Mr. Baum’s law firm created one of the most effective and precise tracking systems in the world to trace specific AHF lots back through the manufacturing process to source plasma. His team determined that the contaminated plasma was collected from unhealthy high-risk donors such as prison inmates, intravenous drug users, promiscuous urban homosexuals and probably the most lethal plasma in the world at the time, recovered plasma from STD clinics in San Francisco, West Hollywood, and New York City, among others. Rather than just collecting plasma from the required “normal healthy donors,” AHF manufacturers included this high-risk plasma to make multiple products out of the same vats, such as Hepatitis B Immune Globulin (HBIG), general Immune Globulins (IG) as well as AHF. Drug companies needed high-risk donors’ plasma in the vats because they were in communities where hepatitis B was rampant, so they had an elevated hepatitis B virus (HBV) antibodies. The drug companies needed those antibodies in high quantities in the plasma vats to justify selling immune globulins at a high price. This product was very profitable. Unfortunately, those donors with high hepatitis B antibodies lived among communities where HIV was most prevalent.  Hemophiliacs were essentially sharing needles with donors at the highest risk of being HIV infected. And that’s how AIDS crossed over from what was originally described as “gay-related immune deficiency” to hemophiliacs, infecting most of that generation’s hemophiliacs with HIV.

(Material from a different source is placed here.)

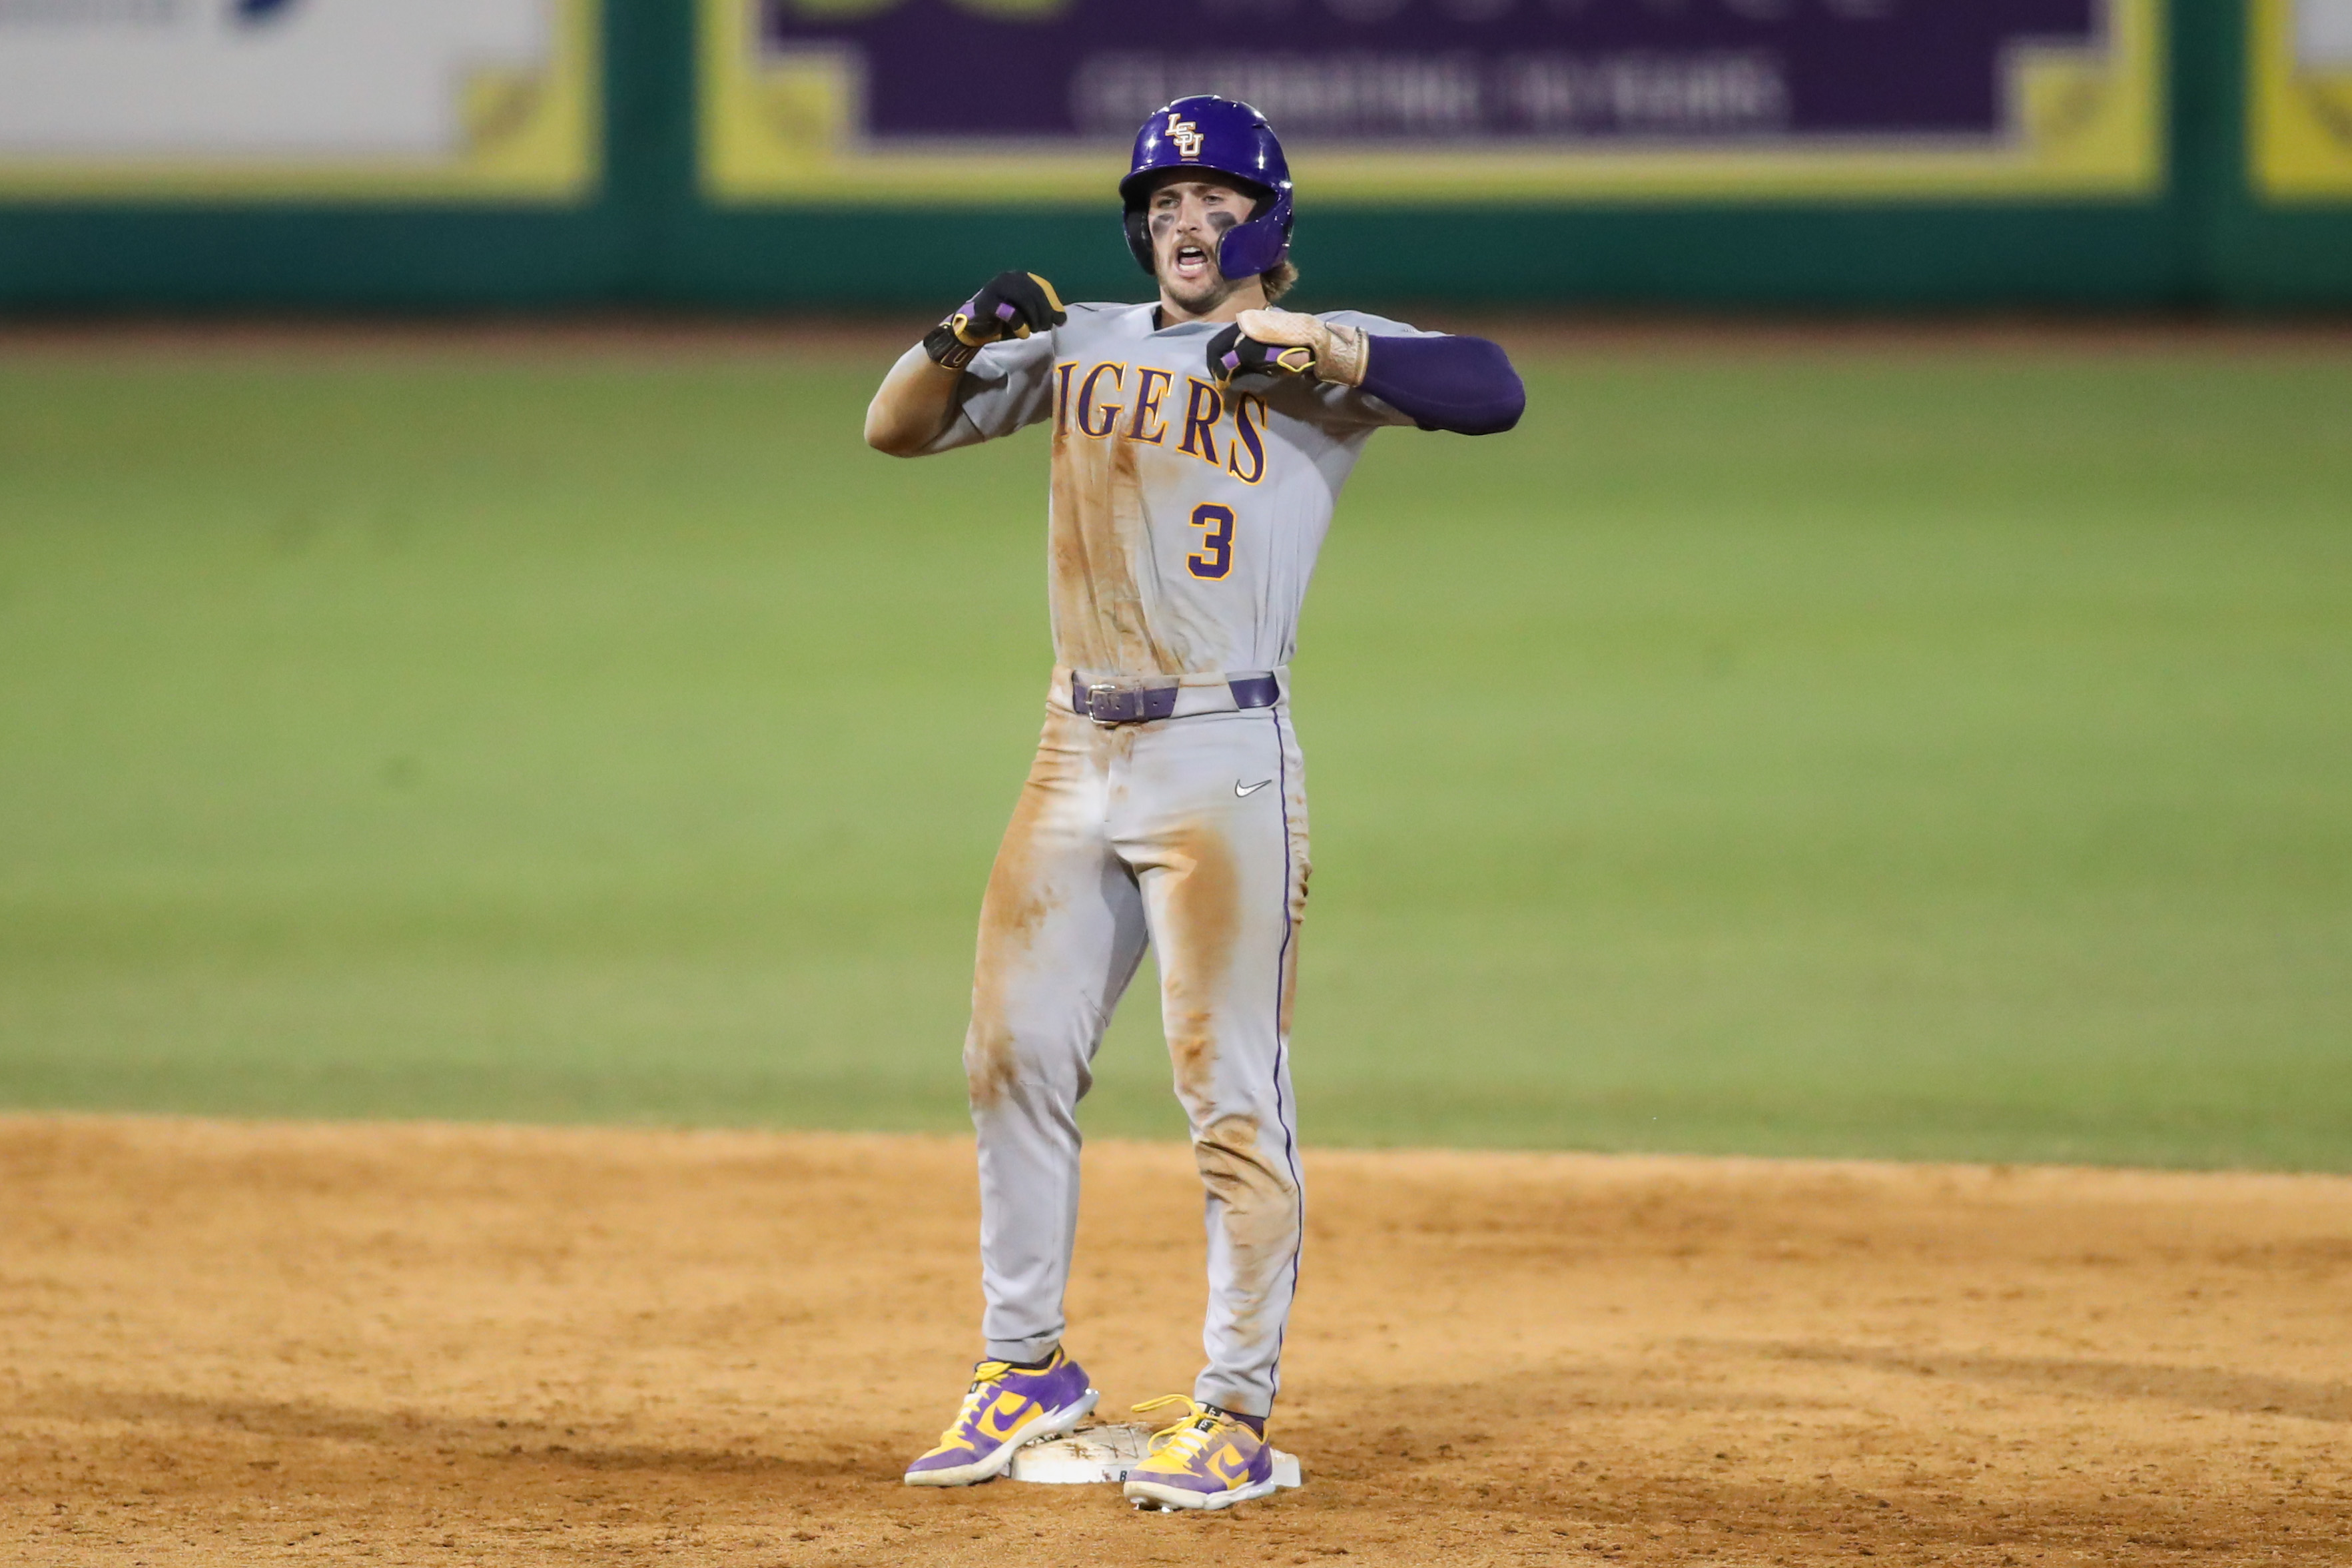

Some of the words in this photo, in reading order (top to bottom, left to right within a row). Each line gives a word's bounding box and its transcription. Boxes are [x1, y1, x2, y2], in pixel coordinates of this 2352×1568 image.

[1165, 113, 1204, 157] LSU
[1054, 360, 1268, 486] IGERS
[1186, 501, 1237, 581] 3

Over the years, representatives from several countries have contacted Mr. Baum to enlighten them about the US-made HIV-contaminated medications, including officials from Taiwan’s Ministry of Health invited Mr. Baum to meet with them and present evidence of the fraud to their hemophilia community. Mr. Baum was able to show them documented evidence that the U.S. manufacturers of hemophilia medication were, in fact, committing fraud on Taiwan by knowingly urging doctors to prescribe HIV contaminated medication to their hemophilia community.

Factor 8 Organization for Those Affected by Infected Blood Products

Factor 8 is a non-profit advocacy organization working on behalf of victims and families affected by HIV, AIDS, and hepatitis via the use of Contaminated Factor Concentrate products in the 1970s and 1980s. All of the individuals directly involved in running Factor 8 are affected by the scandal. The organization is a place where those infected and affected can not only receive updates, advice, and information but also support through the victim and bereaved family forums.